By Charles Kennedy of OilPrice.com
Germany plans to introduce a levy for all its gas consumers beginning in October as the government looks to avoid a wave of collapsing gas-importing and gas-trading companies amid record-high natural gas prices, a new bill seen by Reuters showed on Thursday.
Russia is further reducing flows via Nord Stream this week, to just 20% of the pipeline’s capacity, days after restarting the link at 40% capacity after regular maintenance.
The German government has already intervened to rescue energy group Uniper, Russia’s single largest gas buyer in Germany. Uniper—and many other German gas traders and suppliers—have been reeling from reduced Russian supply and soaring prices of non-Russian gas. Germany and Uniper agreed last week on a $15 billion bailout package, including the German government taking a 30-percent stake in the company and making more liquidity and credit lines available to the group.
Under the plans of the government, all consumers of gas, including households, will have to pay an additional levy, which will go to support Germany’s gas importing companies, which struggle with a lack of Russian gas and sky-high prices of non-Russian alternatives. The details of the bill are set to be announced next month.
Households and industrial consumers are expected to pay the levy through September 2024, according to the draft Reuters has seen.

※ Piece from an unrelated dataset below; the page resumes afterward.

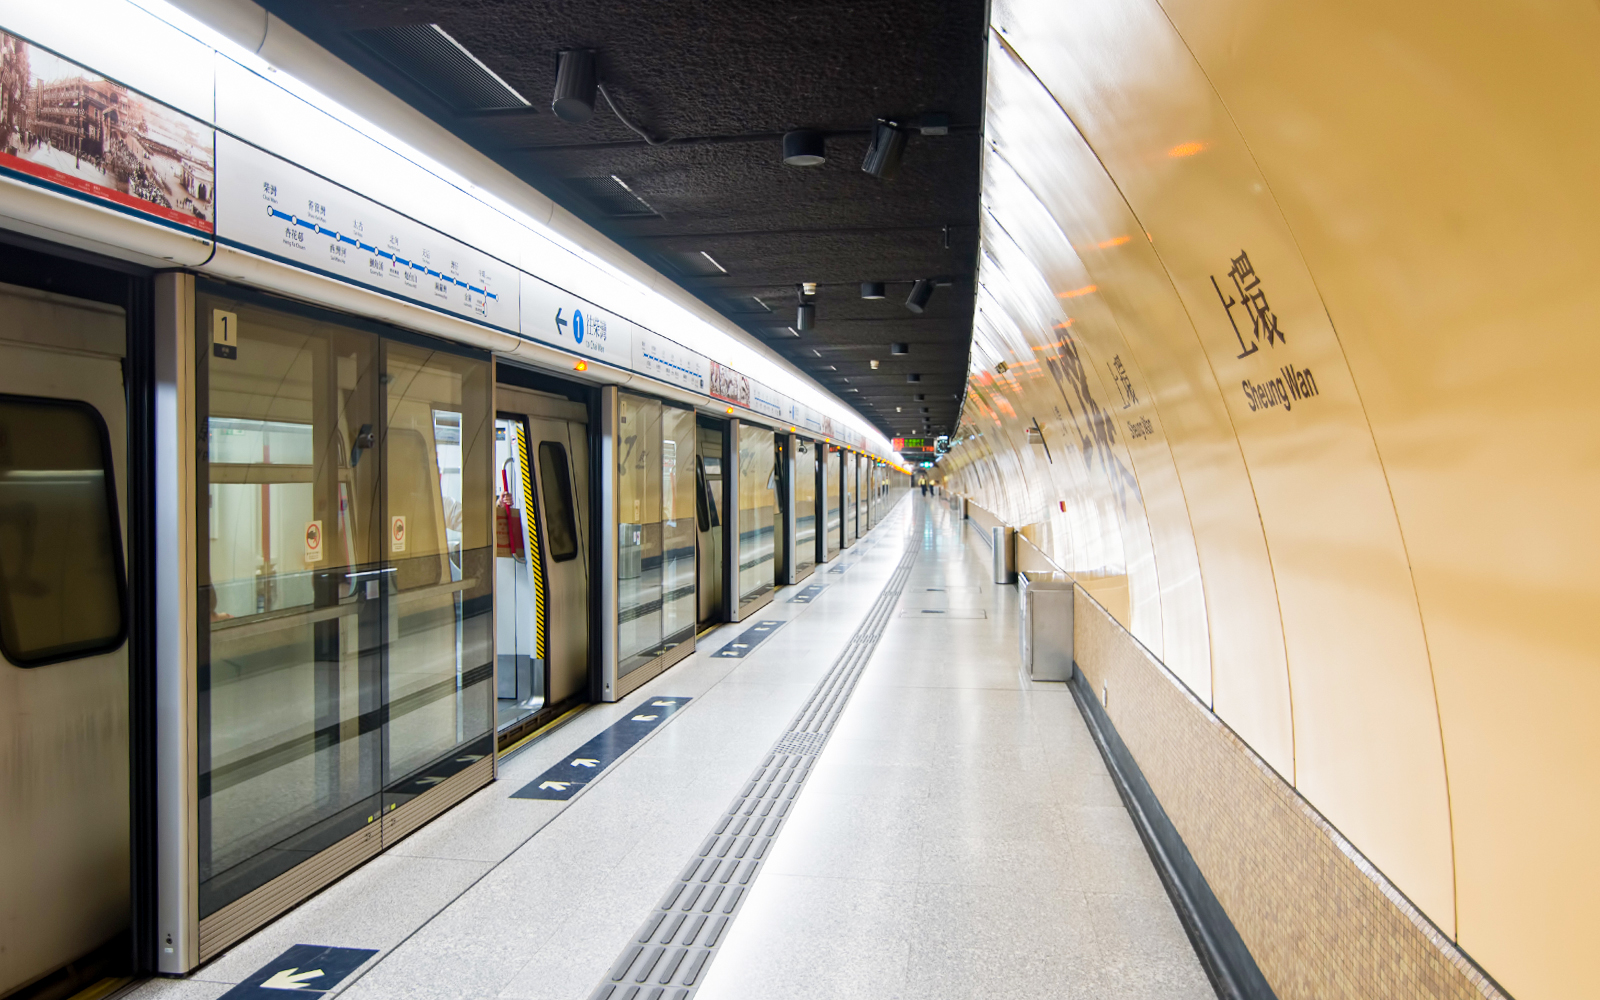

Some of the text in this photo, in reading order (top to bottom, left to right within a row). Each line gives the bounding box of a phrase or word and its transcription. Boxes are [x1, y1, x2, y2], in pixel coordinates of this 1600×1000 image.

[1210, 249, 1286, 359] 上環
[221, 316, 228, 341] 1
[1241, 364, 1319, 412] Sheung Wan

“One doesn’t know exactly how much (gas) will cost in November, but the bitter news is that it’s definitely a few hundred euros per household,” German Economy Minister Robert Habeck was quoted by Reuters as saying on Thursday.
Marcel Fratzscher, president of DIW, the German Institute for Economic Research, told Düsseldorf’s Rheinischen Post newspaper that German households should prepare for at least tripled costs of heating on gas. The levy should be accompanied by a relief package for lower-income households, otherwise the new charge could lead to a “social catastrophe,” Fratzscher added.